Monthly Immigrant and Nonimmigrant Visa Issuances Data extracted from multi-page PDF tables

Depending on what you are looking for the Office of Immigration Statistics data might be more useful. However, this is still a good example of how to parse PDF table data in an automated way.

Graphs

Code setup
require(data.table)
require(ggplot2)

D = data.table::fread('immigrant_data.csv')
D = D[country!='Other']
D[country == 'Bahamas', country := 'Bahamas, The']
D[country == 'Bosnia-Herzegovina', country := 'Bosnia and Herzegovina']
D[country == 'Burkina-Faso', country := 'Burkina Faso']
D[country == 'China - Mainland born', country := 'China - mainland born']
D[country == 'China – mainland born', country := 'China - mainland born']
D[country == 'China-Mainland born', country := 'China - mainland born']
D[country == 'China', country := 'China - mainland born']
D[country == 'China-Taiwan born', country := 'China - Taiwan born']
D[country == 'Taiwan', country := 'China - Taiwan born']
D[country == 'Hong Kong S.A.R', country := 'Hong Kong S.A.R.']
D[country == 'Hong Kong-BNO', country := 'Hong Kong S.A.R.']
D[country == 'Cocos (Keeling) Islands', country := 'Cocos Islands']
D[country == 'Czec Republic', country := 'Czech Republic']
D[country == 'Eswatini', country := 'eSwatini']
D[country == 'Swaziland', country := 'eSwatini']
D[country == 'Eswatini*', country := 'eSwatini']
D[country == 'Kyrgystan', country := 'Kyrgyzstan']
D[country == 'North Korea', country := 'Korea, North']
D[country == 'South Korea', country := 'Korea, South']
D[country == 'Northern Ireland (DV only)', country := 'Great Britain and Northern Ireland']
D[country == 'Saint Maarten', country := 'Sint Maarten']

library(grDevices)

extract_nth_wraparound <- function(x, n) {
  index <- (seq_along(x) - 1) %% n + 1
  ordered_indices <- order(index)
  return(x[ordered_indices])
}

create_divergent_palette <- function(factor_levels, pal="Zissou 1", repeat_n=8) {
  num_levels <- length(factor_levels)
  palette <- hcl.colors(num_levels, pal)
  palette <- extract_nth_wraparound(palette, num_levels / repeat_n)
  color_mapping <- setNames(palette, factor_levels)

  return(color_mapping)
}

# require('scales')
# show_col(create_divergent_palette(type_factors, pal="Zissou 1", repeat_n=10))

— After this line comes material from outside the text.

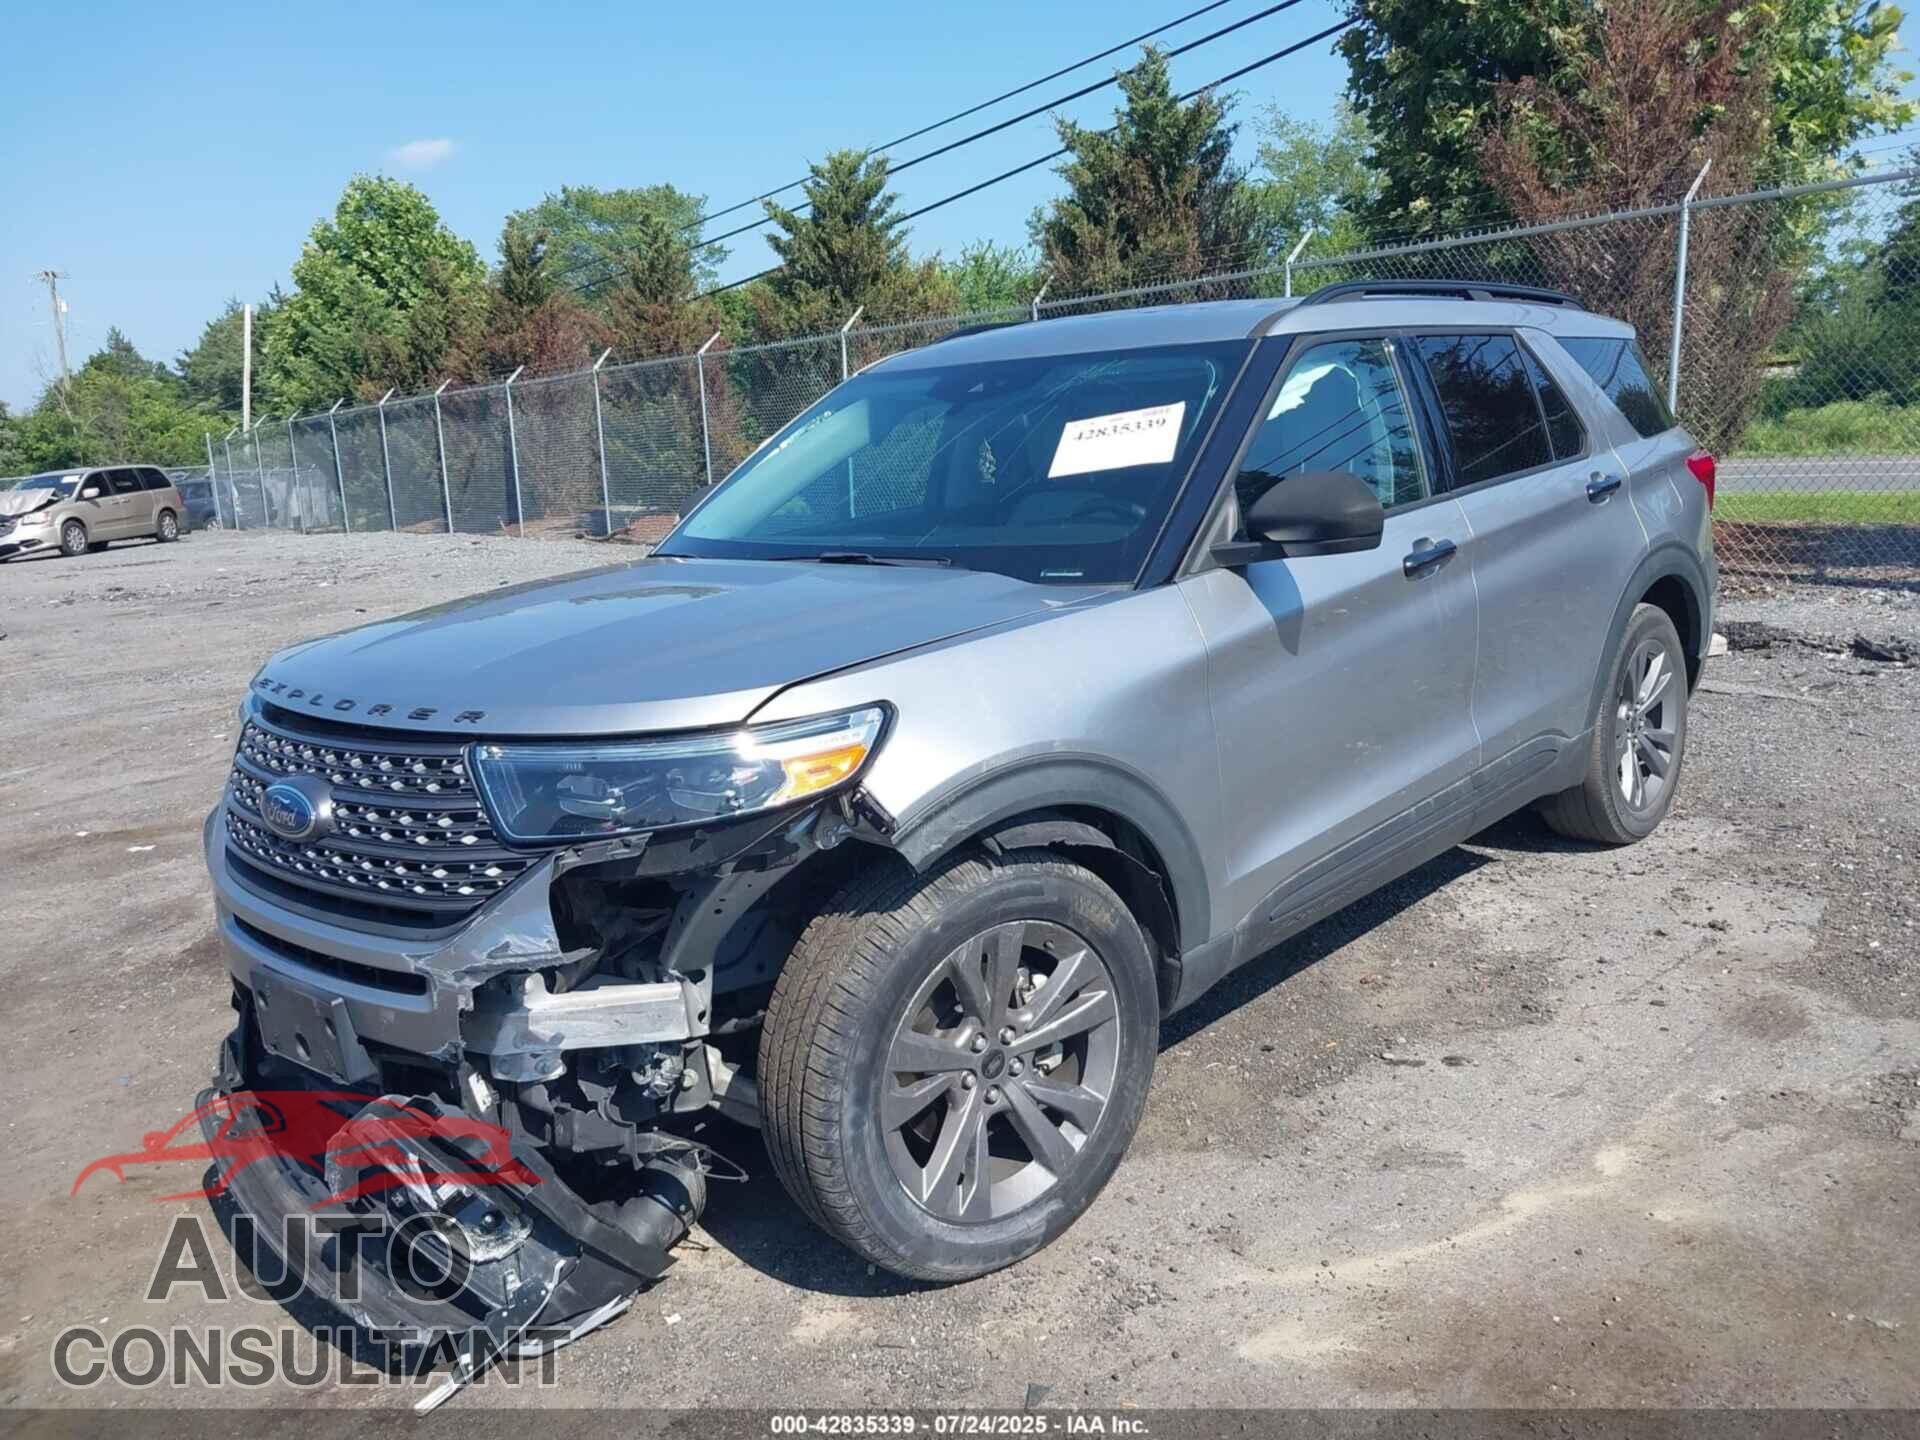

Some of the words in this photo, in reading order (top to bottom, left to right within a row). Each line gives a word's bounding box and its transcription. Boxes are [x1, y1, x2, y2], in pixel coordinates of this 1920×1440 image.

[1072, 418, 1167, 441] 42835339
[255, 677, 486, 725] EXPLORER
[267, 794, 299, 828] Ford

Quantity of visas issued by visa type over time

Bar chart: Visa Type over Time, showing COVID-19 Pandemic visa issuance impact

I think this shows COVID-19 Pandemic impact on visa issuance pretty well

type_counts <- aggregate(count ~ visa_type, data = D, FUN = sum)
type_factors = type_counts$visa_type[order(type_counts$count, decreasing = TRUE)]
color_palette = create_divergent_palette(type_factors)
D$visa_type <- factor(D$visa_type, levels = type_factors)

ggplot(D) +
  aes(x = date, fill = visa_type, weight = count) + geom_bar() +
  scale_fill_manual(values = create_divergent_palette(type_factors, pal="Zissou 1", repeat_n=7))

Visa Type over Time

Tile chart: Visa Type over Time, showing deprecation of certain visa types

I think most of these abrupt start and stops are actually due to differences in reporting after 2020. For example: DV1,DV2,DV3 become DV in later PDFs

ggplot(D) +
  aes(x = date, y = visa_type) + geom_tile()

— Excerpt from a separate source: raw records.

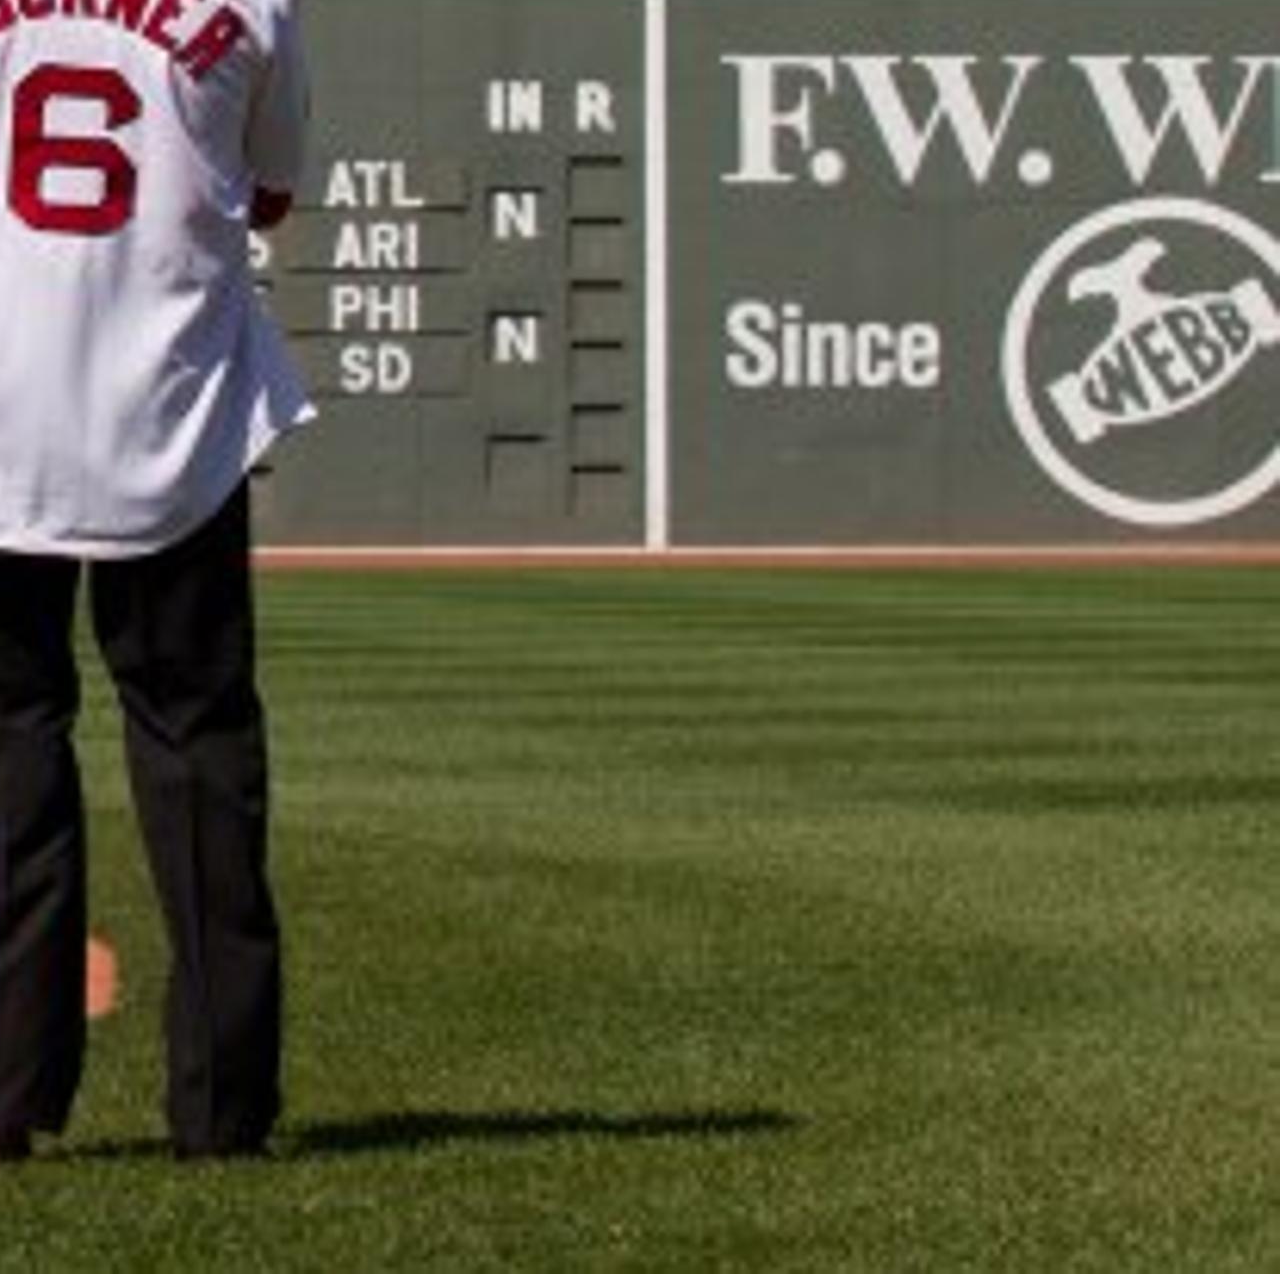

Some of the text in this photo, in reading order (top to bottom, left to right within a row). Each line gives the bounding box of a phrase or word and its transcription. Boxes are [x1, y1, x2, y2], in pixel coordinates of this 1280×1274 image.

[489, 81, 613, 130] IN R
[721, 55, 1280, 184] F.W. W
[7, 62, 143, 237] 6
[324, 160, 424, 207] ATL
[495, 193, 536, 238] N
[333, 222, 418, 268] ARI
[331, 284, 419, 331] PHI
[496, 317, 537, 361] N
[726, 301, 940, 388] Since
[1082, 300, 1252, 418] WEBB
[340, 342, 412, 392] SD

Facets of visas issued over time by type

Bar chart for each visa type

p = ggplot(D[count > 1]) +
  aes(x = date, weight = count) + geom_bar(fill = "#000") +
  theme_minimal() + theme(strip.text.x = element_text(size = 5), axis.text.y = element_text(size = 5), axis.text.x = element_blank()) +
  facet_wrap(vars(visa_type), scales = "free_y")

ggsave(plot=p, filename = "images/visa_types.png", width = 4000, height = 2500, units='px')

Facets of visas issued over time by Foreign Service Center (FSC)

Bar chart for each country

I'm just guessing with that acronym--can't find it documented anywhere but Foreign Service Officer (FSO) is a pretty well-known acronym so FSOs must work inside of FSCs or something like that...

p = ggplot(D[count > 1]) +
  aes(x = date, weight = count) + geom_bar(fill = "#000") +
  theme_minimal() + theme(strip.text.x = element_text(size = 5), axis.text.y = element_text(size = 5), axis.text.x = element_blank()) +
  facet_wrap(vars(country), scales = "free_y")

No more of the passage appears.